Crisis en Medio Oriente pone en riesgo seguridad alimentaria en Asia

Las tensiones en Medio Oriente y el bloqueo del estrecho de Ormuz ponen en riesgo la seguridad alimentaria en Asia, donde 9,1 millones de personas podrían padecer hambre aguda, según un informe de la ONU.

Asimismo, las hostilidades bélicas amenazan con crear una escasez de minerales esenciales para fabricar paneles solares, baterías y semiconductores utilizados en los teléfonos móviles; además de disparar el precio de los fertilizantes y el transporte.

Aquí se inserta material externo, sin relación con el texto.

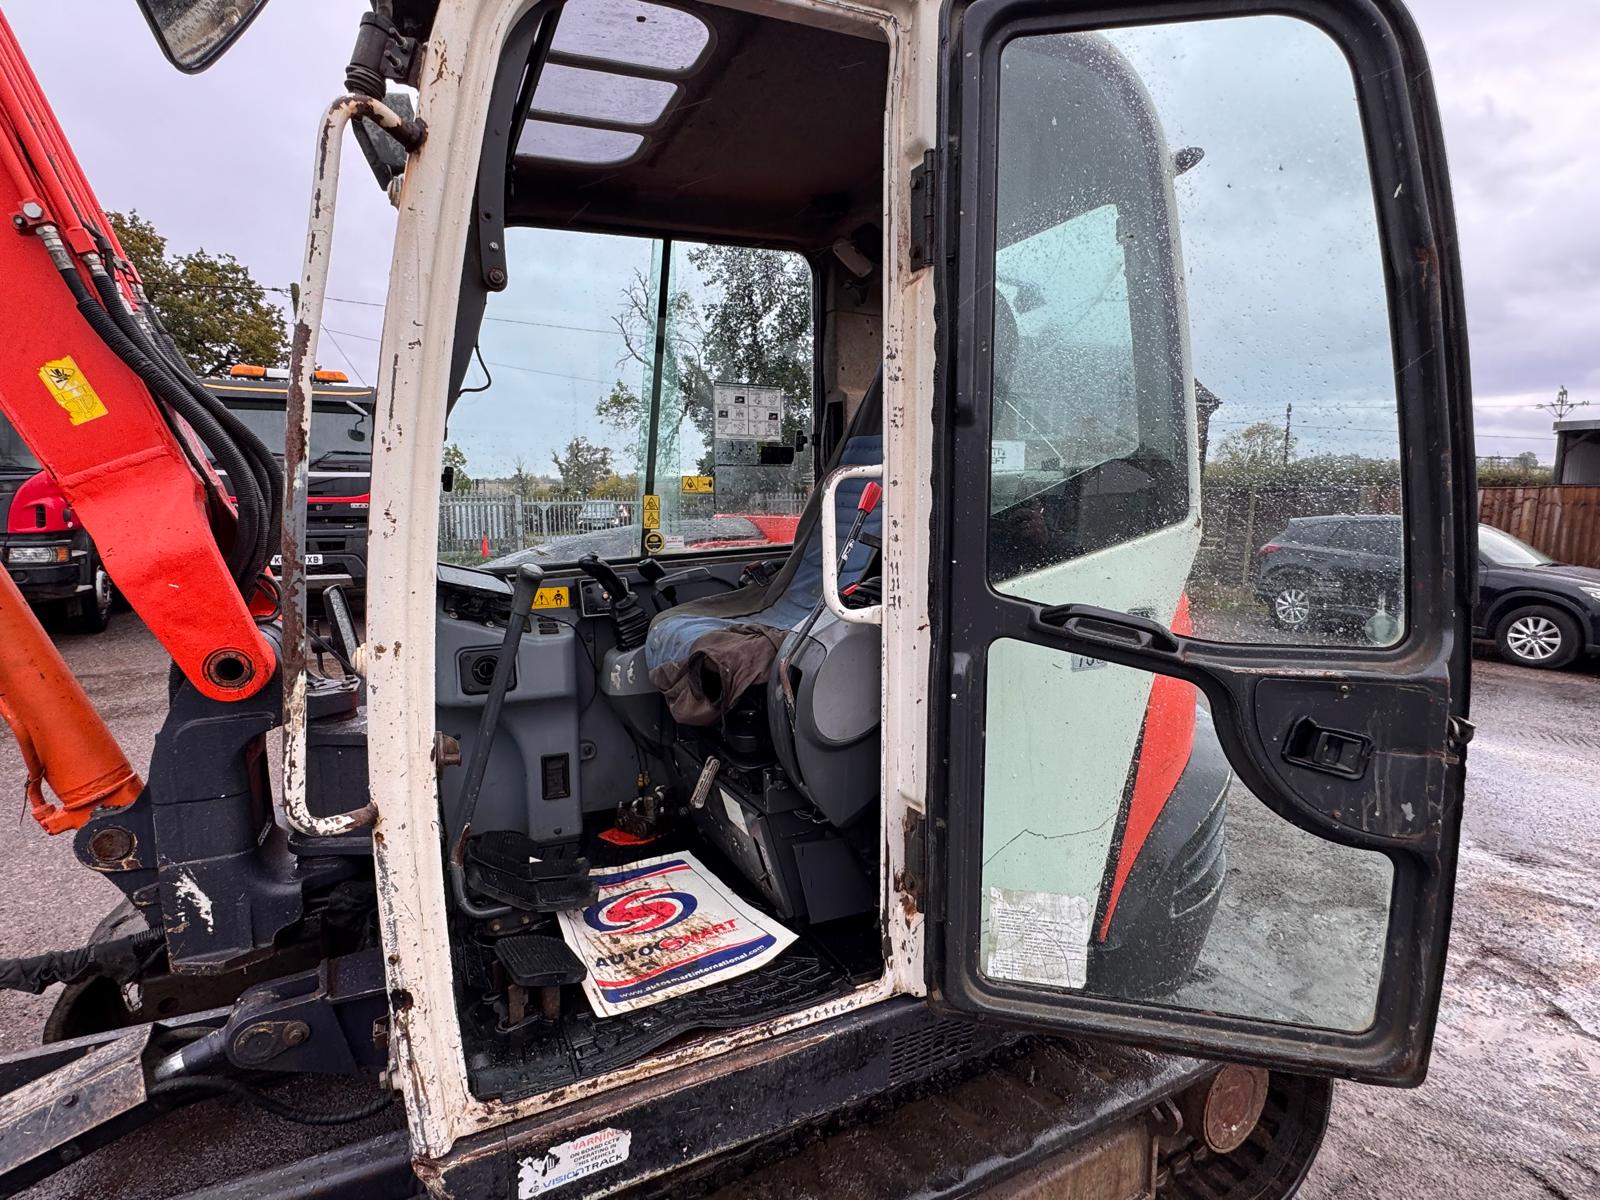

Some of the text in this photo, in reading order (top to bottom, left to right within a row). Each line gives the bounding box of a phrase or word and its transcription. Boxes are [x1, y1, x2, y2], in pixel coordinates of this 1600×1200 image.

Las tensiones en el estrecho de Ormuz, por donde transita una quinta parte del suministro mundial de petróleo, un tercio del comercio mundial de materias primas para fertilizantes y componentes electrónicos, ponen en riesgo los envíos de petróleo, gas y minerales estratégicos.

Dario Liguti, director de la División de Energía Sostenible de la Comisión Económica de la ONU para Europa, dijo que antes de la guerra transitaban a diario por el estrecho 140 buques, transportando azufre, helio y nafta, subproductos del petróleo utilizados en una amplia gama de industrias, desde fertilizantes hasta semiconductores.

Si la situación continúa, la escasez obligará a reducir la producción de tecnologías como paneles solares, imanes o baterías, necesarios para fabricar teléfonos móviles, tabletas o automóviles eléctricos, advirtió Liguti.

Señaló el experto que muchos Estados miembros están empezando a acumular reservas estratégicas de esos minerales para evitar futuras interrupciones.

El impacto de la guerra, desatada por Estados Unidos e Israel contra Irán, se siente en los mercados del sur y sudeste de Asia, donde se concentra gran parte del refinado de dichos productos.

La crisis amenaza también con retrasar la transición energética global hacia fuentes renovables, mientras que la interrupción del tráfico marítimo desencadena una crisis humanitaria y económica de gran escala.

El aumento de los precios del petróleo y la reducción del tráfico marítimo encarecen el transporte, la electricidad y los insumos agrícolas en las economías de Asia dependientes de importaciones.

En Bangladesh, el cierre de varias fábricas de fertilizantes estatales interrumpió la producción nacional durante la temporada de cultivo de arroz de invierno, y en Nepal el precio del diesel se disparó.

Si la crisis persiste, estimaciones de la ONU advierten que 9,1 millones de personas adicionales podrían enfrentar una inseguridad alimentaria aguda en Asia.

En toda la región, al menos 45,5 millones de personas necesitan ya asistencia humanitaria.

De acuerdo con las agencias humanitarias, en Afganistán los costes logísticos aumentaron 20 por ciento y la mitad de los productos humanitarios básicos corren riesgo de desabastecimiento.

En Myanmar, donde el 90 por ciento del combustible es importado, las interrupciones provocaron racionamiento de los hidrocarburos y complicaron la entrega de ayuda en zonas de conflicto y afectadas por el terremoto.